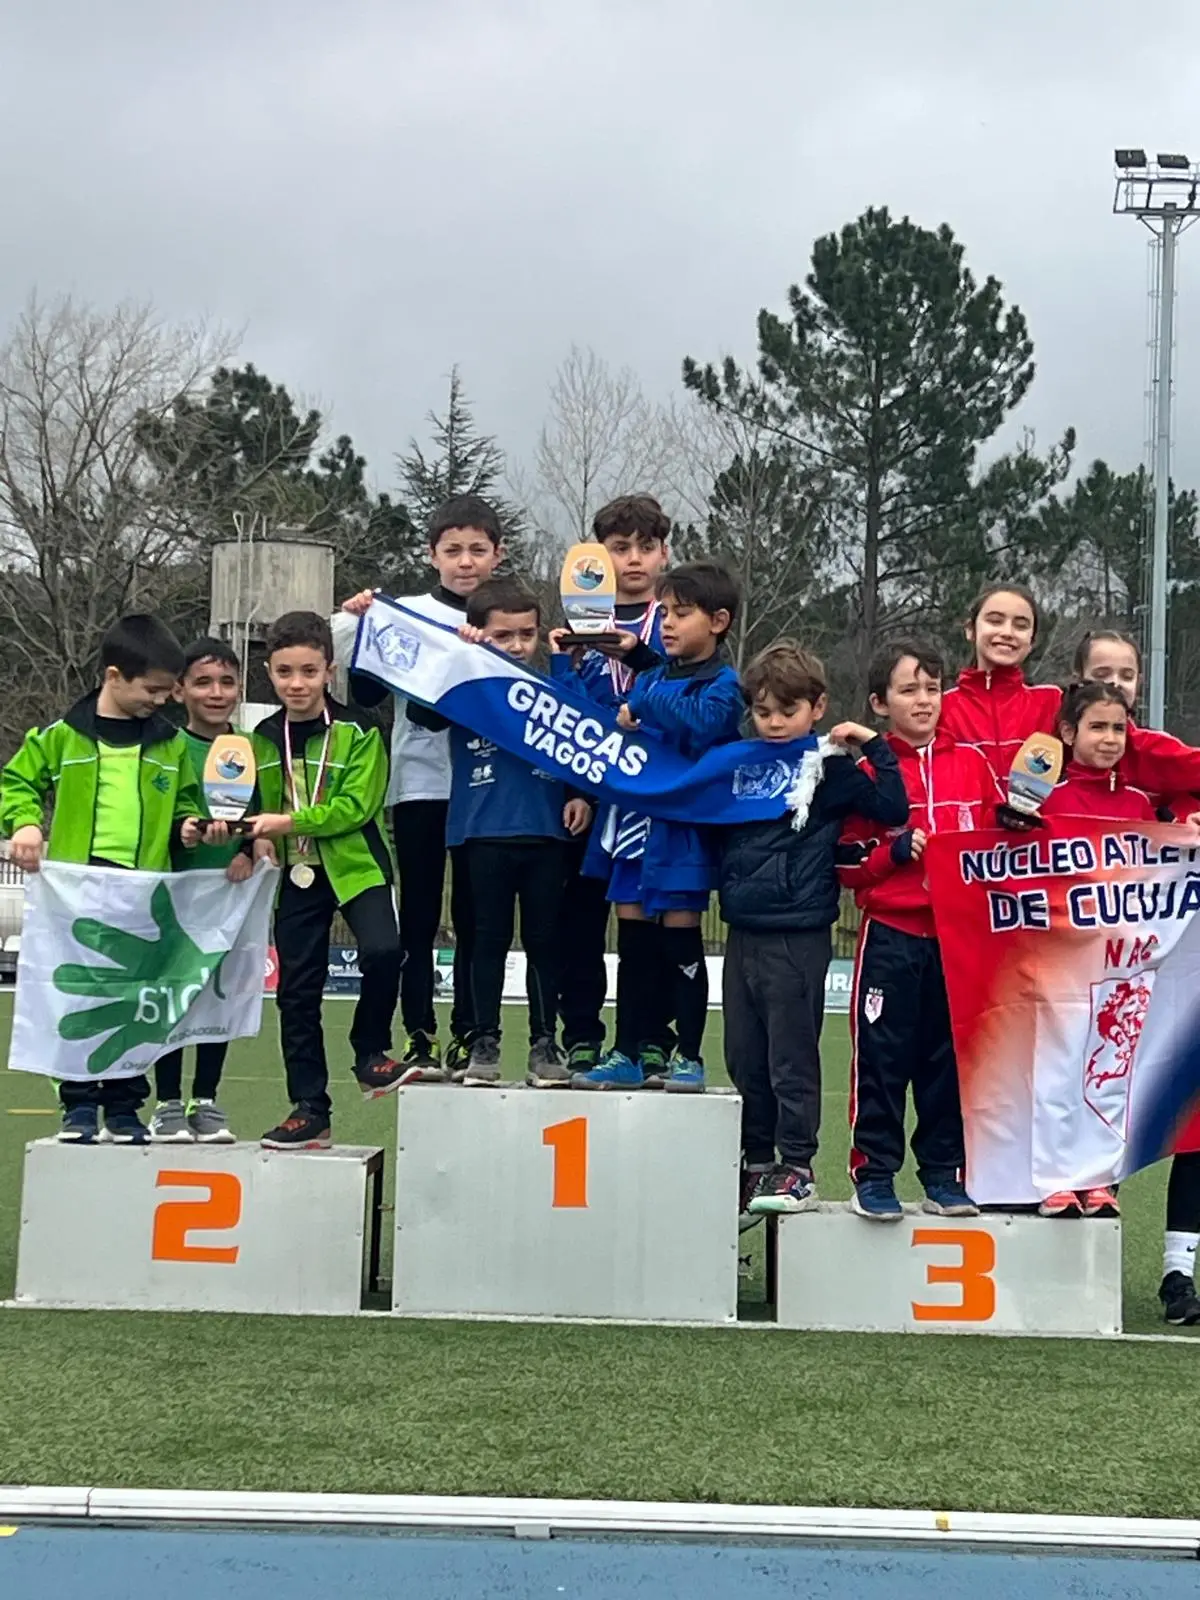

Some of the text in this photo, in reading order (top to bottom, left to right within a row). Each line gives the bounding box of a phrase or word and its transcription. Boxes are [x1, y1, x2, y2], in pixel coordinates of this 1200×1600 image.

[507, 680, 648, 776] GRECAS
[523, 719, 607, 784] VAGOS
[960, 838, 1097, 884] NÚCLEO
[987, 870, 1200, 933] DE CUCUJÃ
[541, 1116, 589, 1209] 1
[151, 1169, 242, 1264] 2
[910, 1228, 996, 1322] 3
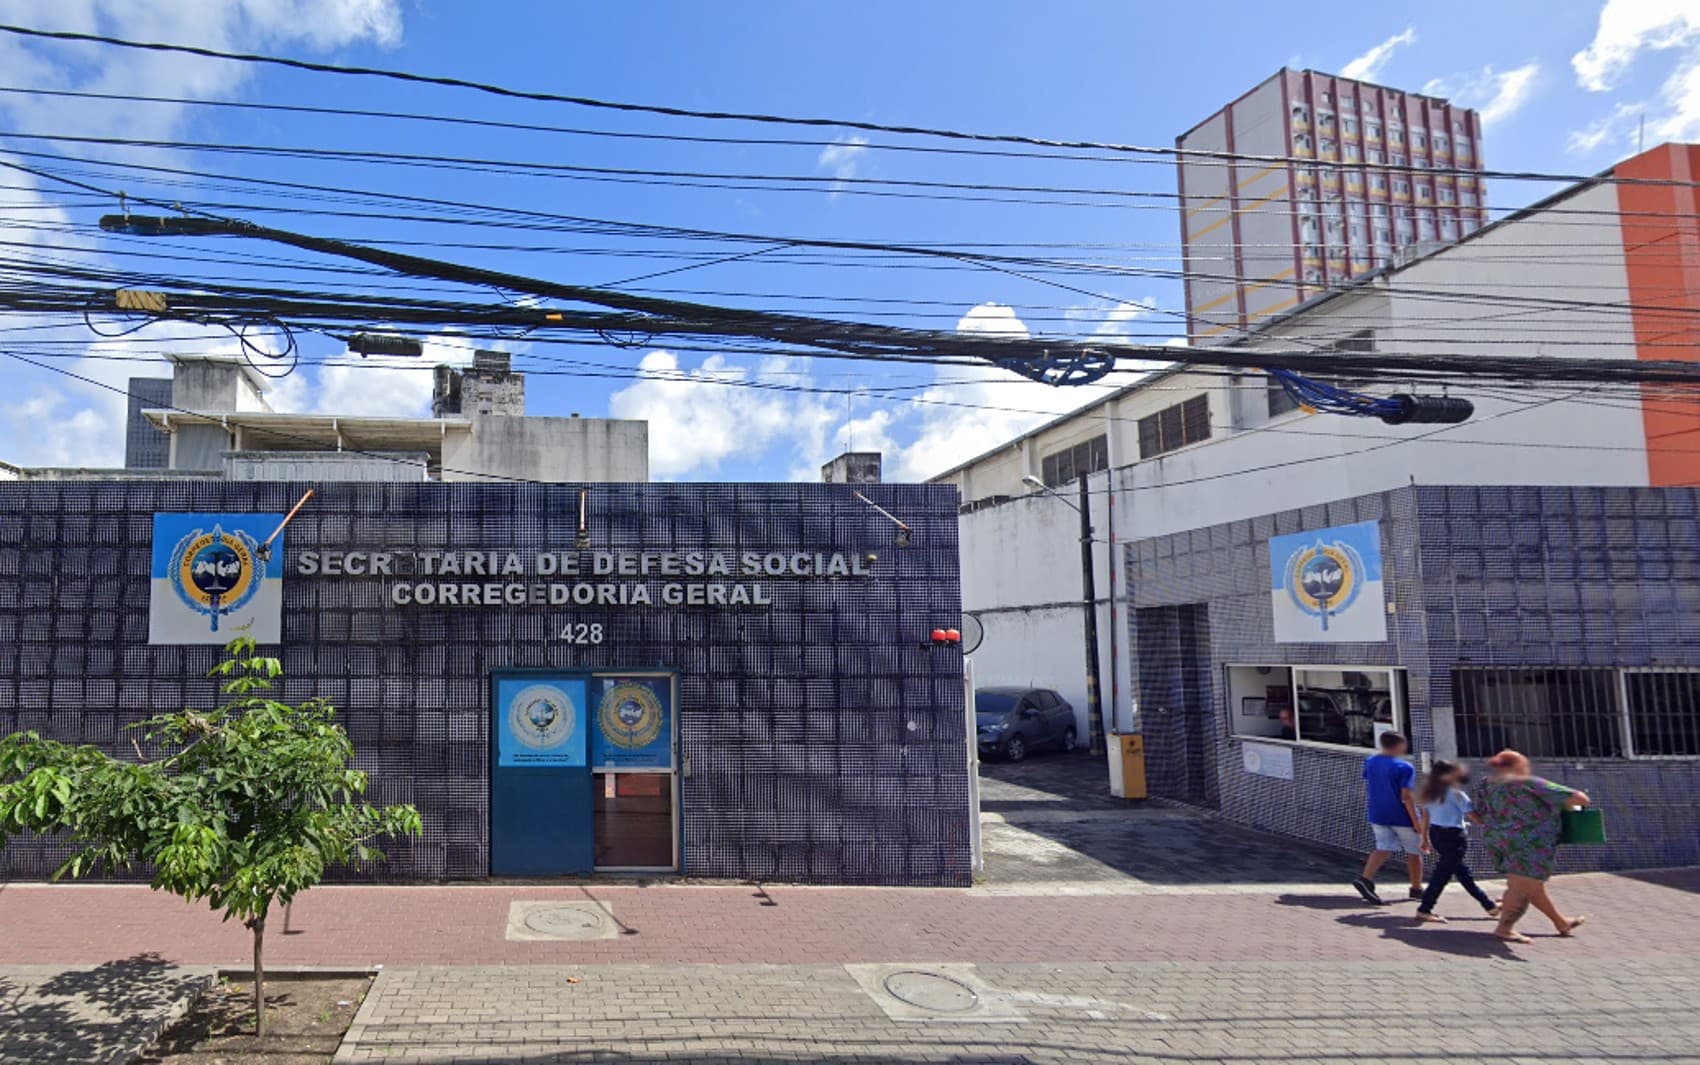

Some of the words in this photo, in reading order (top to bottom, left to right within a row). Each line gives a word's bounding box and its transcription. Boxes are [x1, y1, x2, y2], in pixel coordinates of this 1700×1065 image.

* * *

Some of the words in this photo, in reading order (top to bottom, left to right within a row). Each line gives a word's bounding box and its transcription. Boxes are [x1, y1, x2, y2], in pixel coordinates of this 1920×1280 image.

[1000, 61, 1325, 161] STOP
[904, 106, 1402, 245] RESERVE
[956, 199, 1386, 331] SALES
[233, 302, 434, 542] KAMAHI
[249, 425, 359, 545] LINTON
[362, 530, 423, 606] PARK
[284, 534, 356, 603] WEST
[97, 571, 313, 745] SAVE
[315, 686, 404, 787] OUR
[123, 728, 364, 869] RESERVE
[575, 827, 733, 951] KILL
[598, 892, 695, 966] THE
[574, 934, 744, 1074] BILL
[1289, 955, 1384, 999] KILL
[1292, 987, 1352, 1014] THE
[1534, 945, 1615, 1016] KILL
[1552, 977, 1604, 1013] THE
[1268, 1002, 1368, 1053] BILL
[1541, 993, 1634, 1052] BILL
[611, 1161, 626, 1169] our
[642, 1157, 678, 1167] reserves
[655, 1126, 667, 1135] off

▶ INSTRUCTIONS FOR THE TASK:
Nothing but the lines from the one with "Some of the text" to the one with "this 1700×1065 image." above, both included, should be transcribed, exactly and without pictures.

▶ WRITTEN ANSWER:
Some of the text in this photo, in reading order (top to bottom, left to right within a row). Each line gives the bounding box of a phrase or word and its transcription. Boxes are [x1, y1, x2, y2], in pixel coordinates of this 1200×1600 image.

[507, 680, 648, 776] GRECAS
[523, 719, 607, 784] VAGOS
[960, 838, 1097, 884] NÚCLEO
[987, 870, 1200, 933] DE CUCUJÃ
[541, 1116, 589, 1209] 1
[151, 1169, 242, 1264] 2
[910, 1228, 996, 1322] 3

Some of the words in this photo, in reading order (top to bottom, left to right within a row). Each line gives a word's bounding box and its transcription. Boxes are [x1, y1, x2, y2], in pixel coordinates of this 1700×1065 image.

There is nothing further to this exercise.